The week of surgery his belly started becoming really distended so they got an x-ray and it showed fluid around the stomach. They did an in-room procedure and placed a tube in his belly to drain it. They were expecting abdominal fluid, but instead it was blood. They had no explanation on why his belly would be filling with blood. Luckily it started clearing up on its own that same day and continued to do so over the next two days. The surgery was set for Friday and on Thursday they “clamped” the tube in his stomach because it wasn’t draining much and there was no sign of blood. However, throughout the day Thursday, after clamping, it was clear that his belly was getting bigger and he was uncomfortable. When he started desatting they decided it was time to open the clamp to drain a little but they really wanted him to pee off the excess fluid. But when the doctor started pulling back the syringe to get fluid out, it wasn’t abdominal fluid. It was blood, again. And this time, they drained 800ml of it.

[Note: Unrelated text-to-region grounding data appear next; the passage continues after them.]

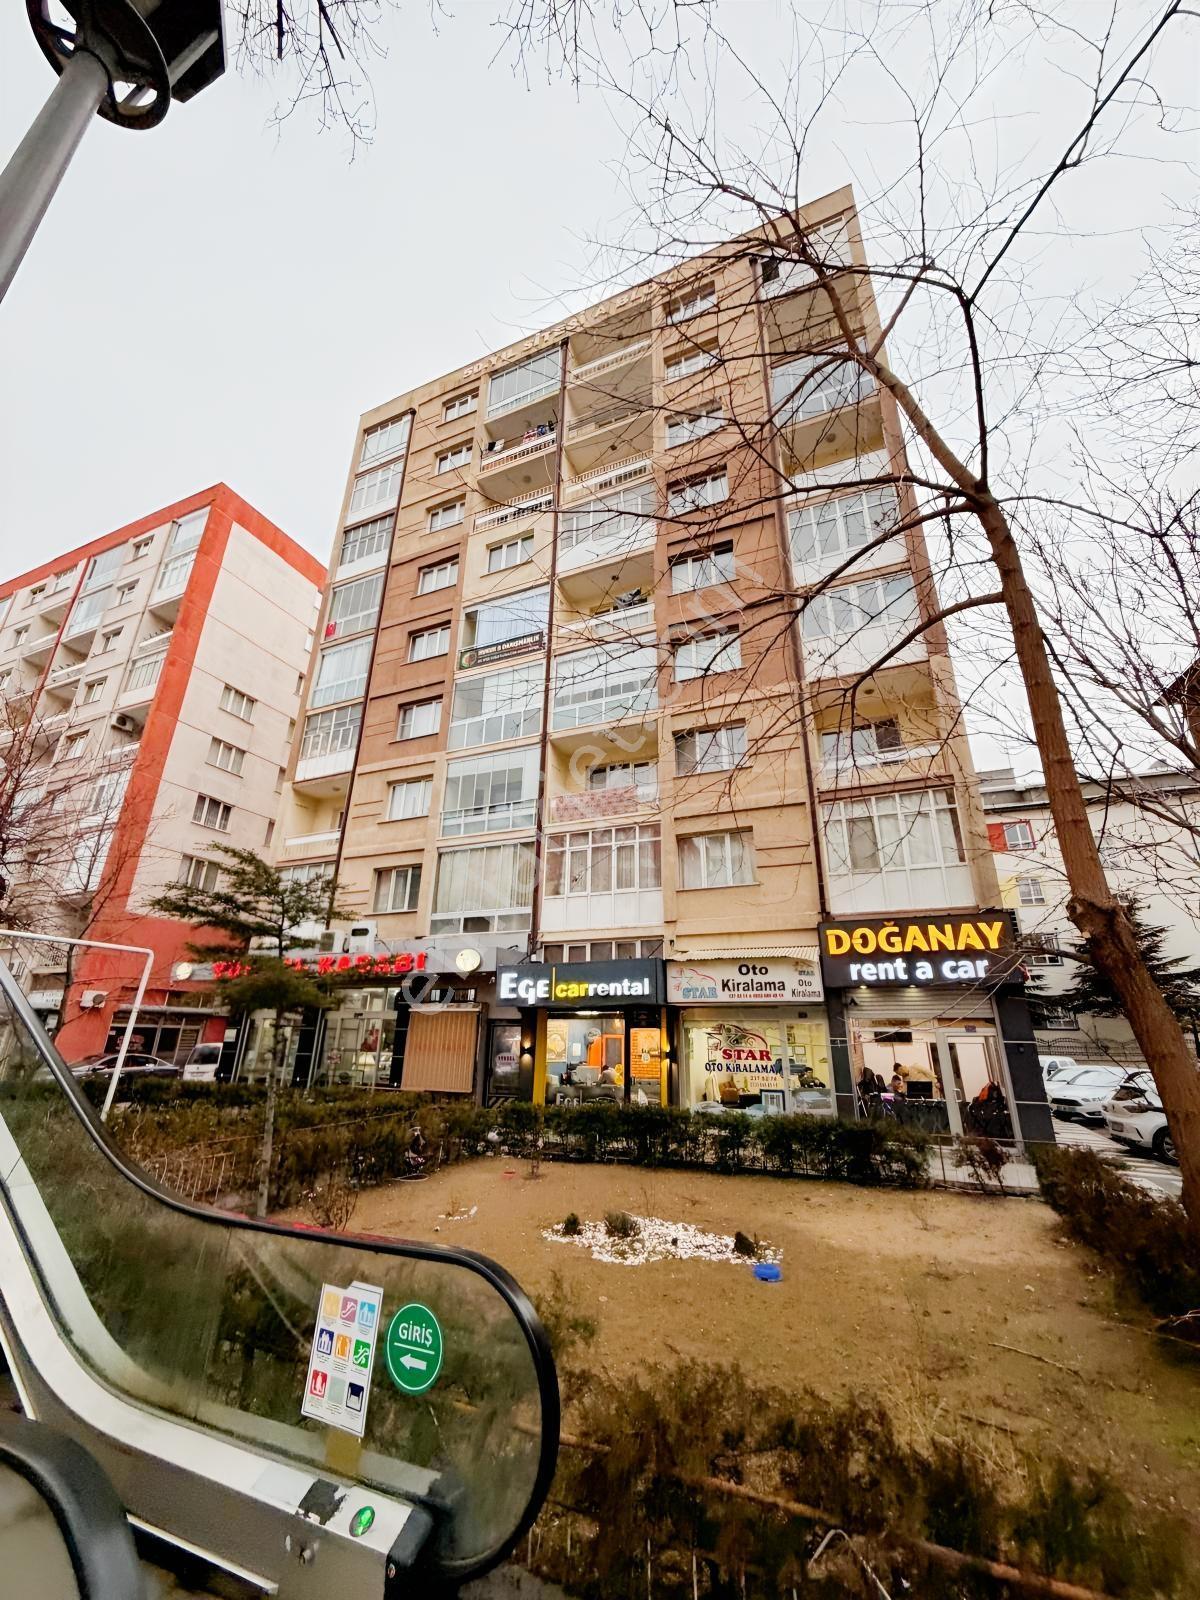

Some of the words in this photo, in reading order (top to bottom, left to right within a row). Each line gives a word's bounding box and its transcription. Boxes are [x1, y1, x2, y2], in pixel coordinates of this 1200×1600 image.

[825, 921, 1004, 955] DOĞANAY
[738, 964, 769, 976] Oto
[850, 958, 908, 981] rent
[915, 961, 934, 980] a
[942, 959, 989, 979] car
[500, 972, 550, 1005] EGE
[721, 979, 786, 993] Kiralama
[798, 979, 812, 987] Oto
[682, 986, 719, 999] STAR
[791, 988, 822, 998] Kiralama
[722, 1049, 772, 1061] STAR
[705, 1062, 723, 1073] OTO
[398, 1322, 433, 1348] GİRİŞ

To put that into perspective, almost 1 liter of blood and fluid drained out. Adults can’t even handle that much fluid sitting in their abdomen, let alone an 8 month old baby. 

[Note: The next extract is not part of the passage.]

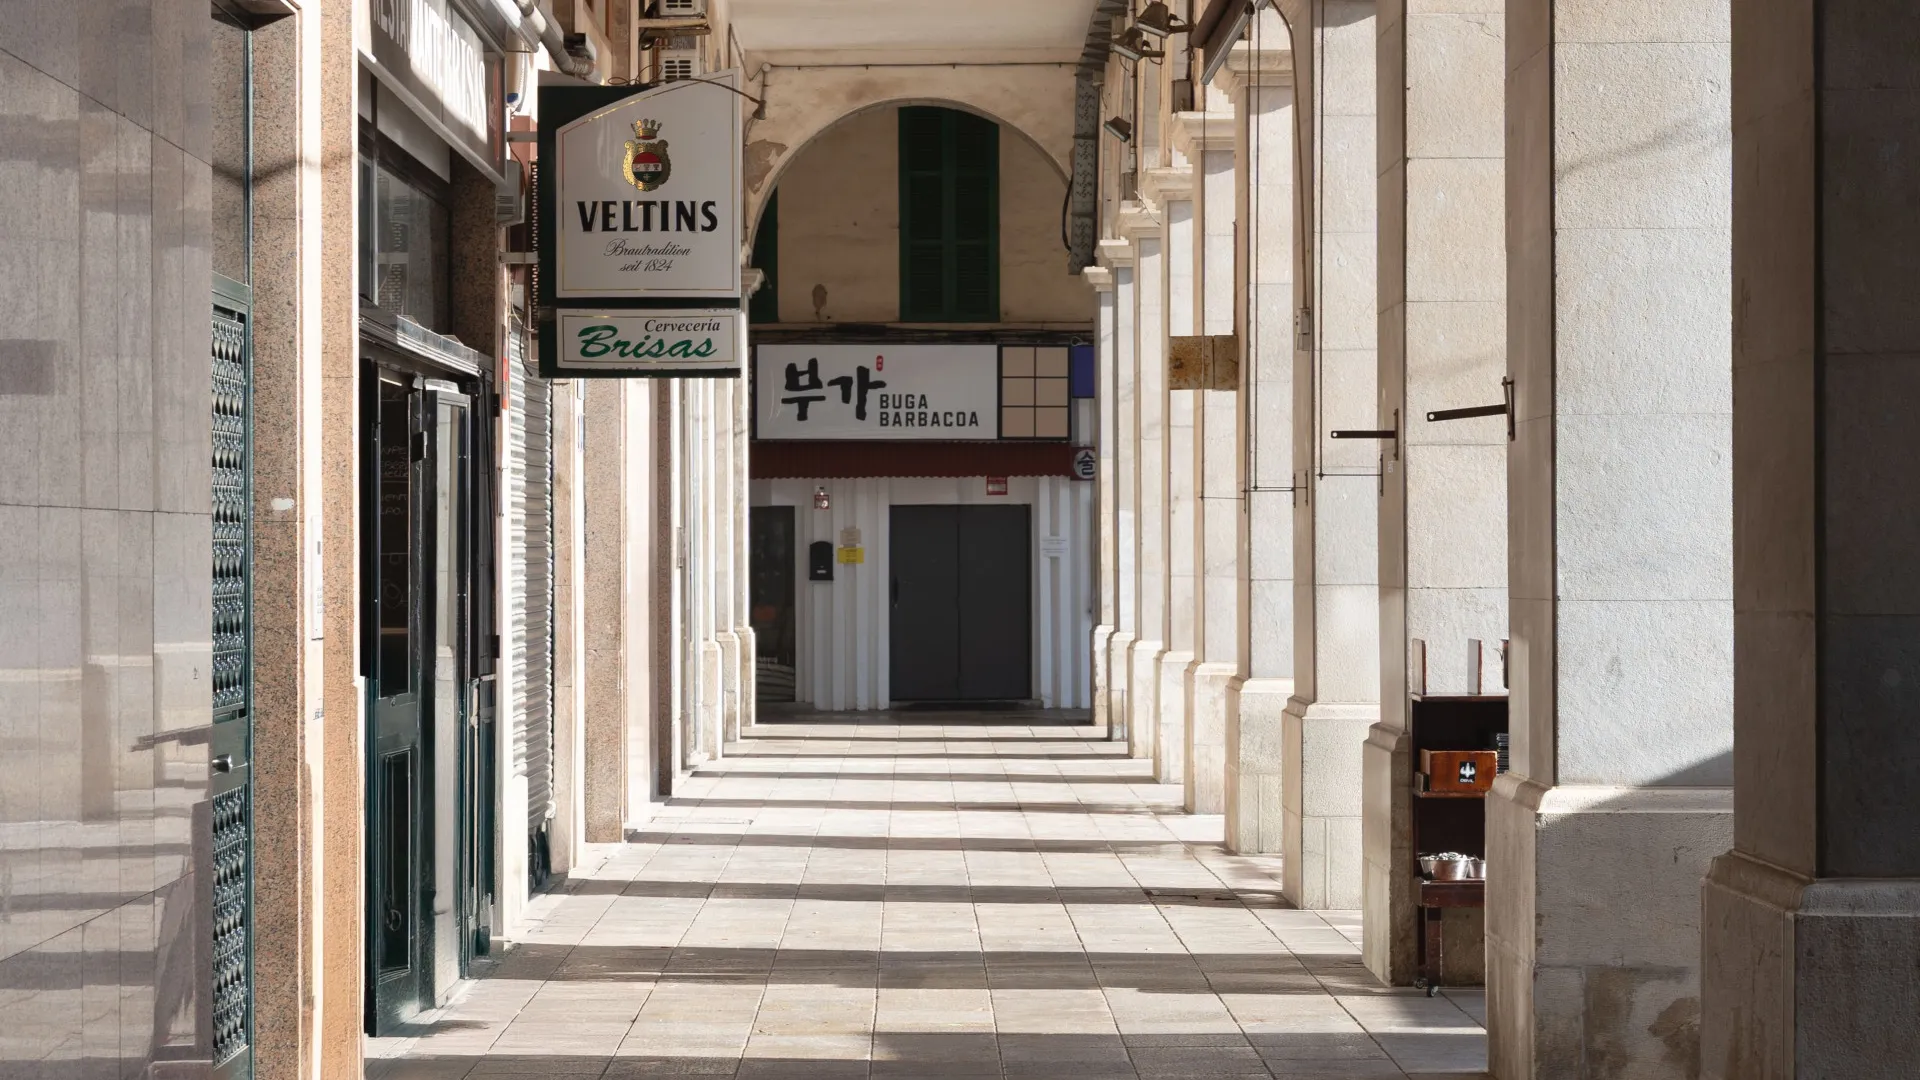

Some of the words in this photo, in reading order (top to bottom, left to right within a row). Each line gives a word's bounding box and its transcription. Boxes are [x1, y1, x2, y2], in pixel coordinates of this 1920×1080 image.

Everyone was in his room trying to figure out what was going on. They decided to start a blood transfusion because he had lost so much fluid and they were worried it would affect his blood pressure. It was then that Jarryl figured out the problem. Jarryl, not the doctors, not the nurses, but Griffins amazing father. He stood up to check on him and realized that the draining tube was turning more bloody again after the transfusion had started. We had already had previous issues with the PICC line so when he realized the blood was being sent via the PICC line it all made sense. After a few tests it was verified that the PICC line had caused a small tear in the vein during the heart cath a week before, which was causing everything that was being pushed through the PICC to end up in his abdomen instead of his blood like it’s suppose to. We were able to piece together on why it had been taking more medication that usual to get him sedated, they had literally gave him THREE doses of a paralytic just days before to place the tube because it wasn’t affecting him. Now we knew why.

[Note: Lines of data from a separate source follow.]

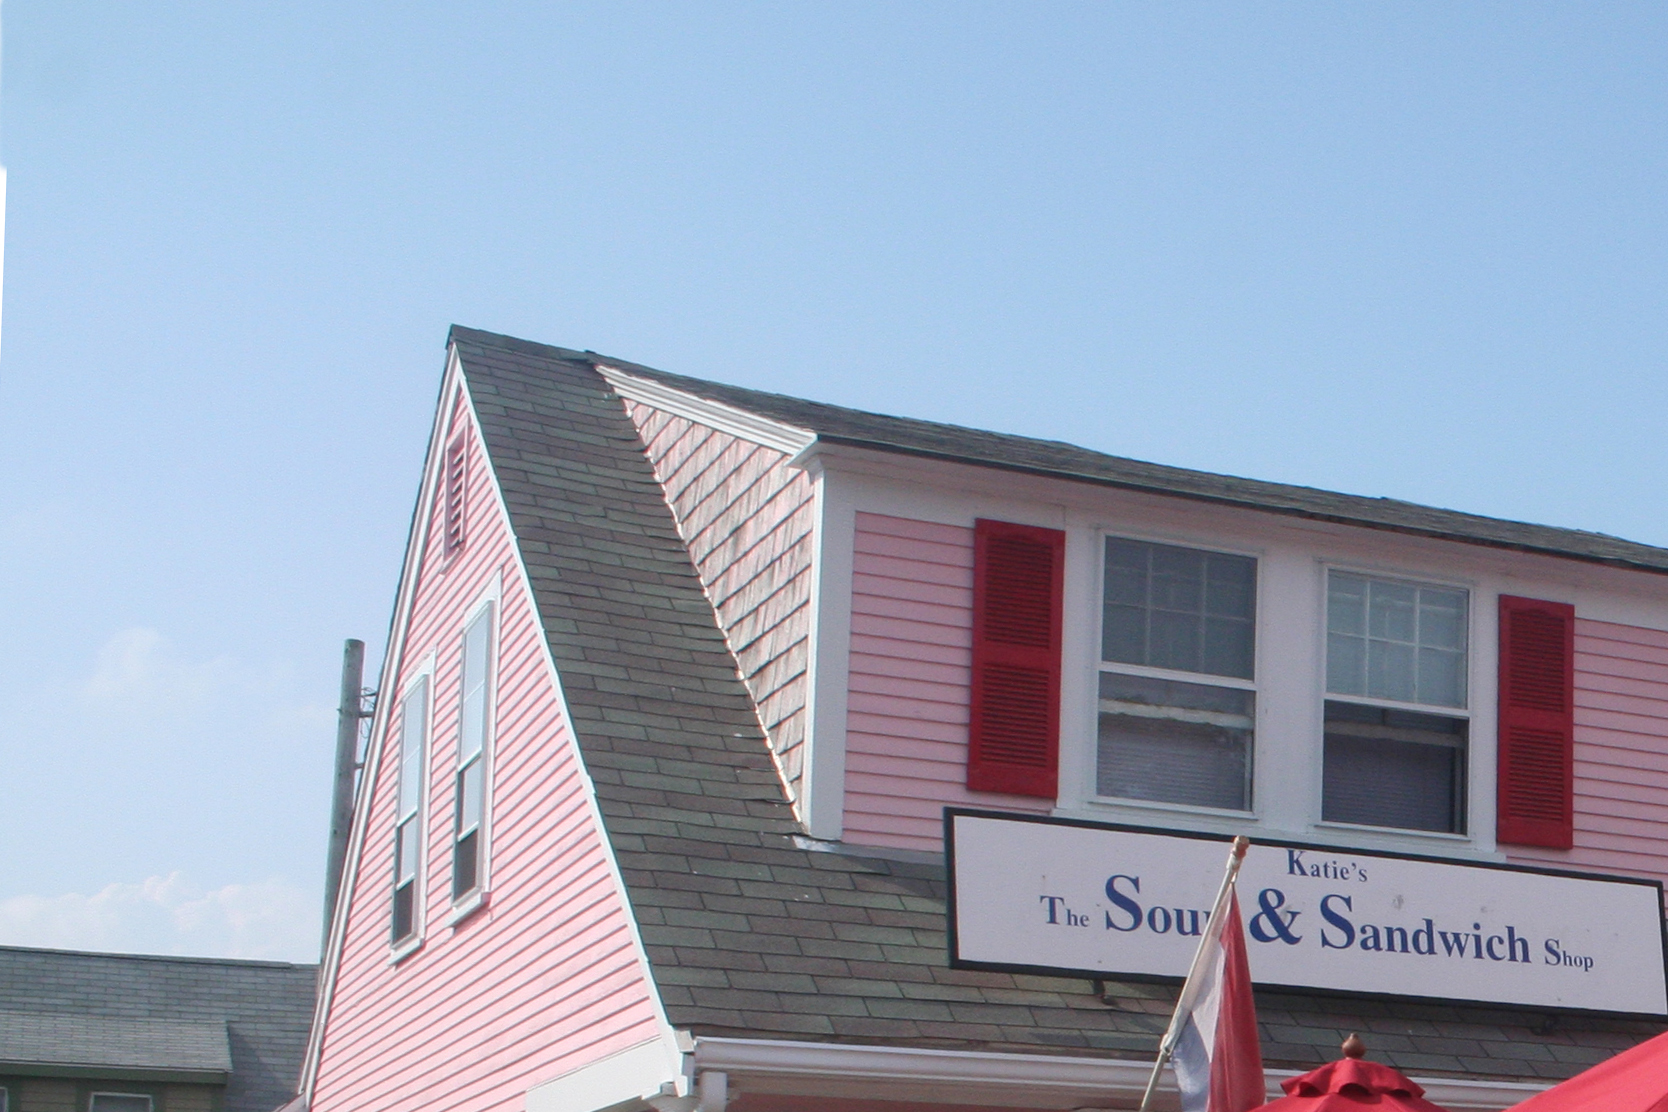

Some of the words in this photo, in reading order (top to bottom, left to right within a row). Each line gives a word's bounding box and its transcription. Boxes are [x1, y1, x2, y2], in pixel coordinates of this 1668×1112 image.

[1286, 848, 1369, 883] Katie's
[1040, 895, 1090, 928] The
[1105, 874, 1213, 937] Sou
[1249, 887, 1304, 945] &
[1320, 894, 1532, 965] Sandwich
[1544, 938, 1595, 972] Shop

Our poor baby wasn’t getting any of his needed medications like he was suppose to because of this tear. And thankfully, he handled it like a champ. Another proud mom moment. Luckily the tear was small enough to just heal on it’s own once they pulled the PICC line out and he wouldn’t need surgery.

December 4th, 2018

Trach surgery day. This day was harder on me than any other day. I’ve chalked that up to this being more permanent than anything else. ECMO was 8 days. Chest open was 10 days. PICC line problem was corrected immediately.

But the amount of time he will need the trach is unknown. It won’t be permanent, we know that, but he will probably have it for a couple years. And it’s so hard because the only reason he needs the trach is due to a narrowing in his throat caused by scar tissue caused by trauma from the ventilation tube. It just seems so unfair and it has hit me hard. It also makes me feel robbed. I had dreamed and dreamed of the day after he recovered from surgery to just pick him up without being attached to anything but a pulse ox (measures oxygenation in the body). But we won’t get that, we’ll have to deal with the trach tubes, and have to haul around a ventilator at home…I clearly have some of my own healing to do in order to be ok with all of this. But I’ll get there, I always do.

So here we are now, recovering from the trach and he has been doing amazing. Which makes him having the trach a little easier on this tired mama. He smiles everyday all day and he’s just so amazing to be so happy after being through so much. He makes me so incredibly proud. He is going through withdrawals again from being put back on morphine & dex for the procedure but the drips are off and he’s taking it day by day. Smiling at me even after he just vomited a little from the withdrawal. 

We still have a few weeks to go, our doctors think it won’t be until after Christmas before we come home. But with his history they want to be safe and make sure he’s ready, and we appreciate that even if it’s hard for us to accept. And in another six to nine months we’ll be back out here for his full repair. Hopefully the next surgery won’t affect him so hard and he will have a smooth recovery. Our family needs that. 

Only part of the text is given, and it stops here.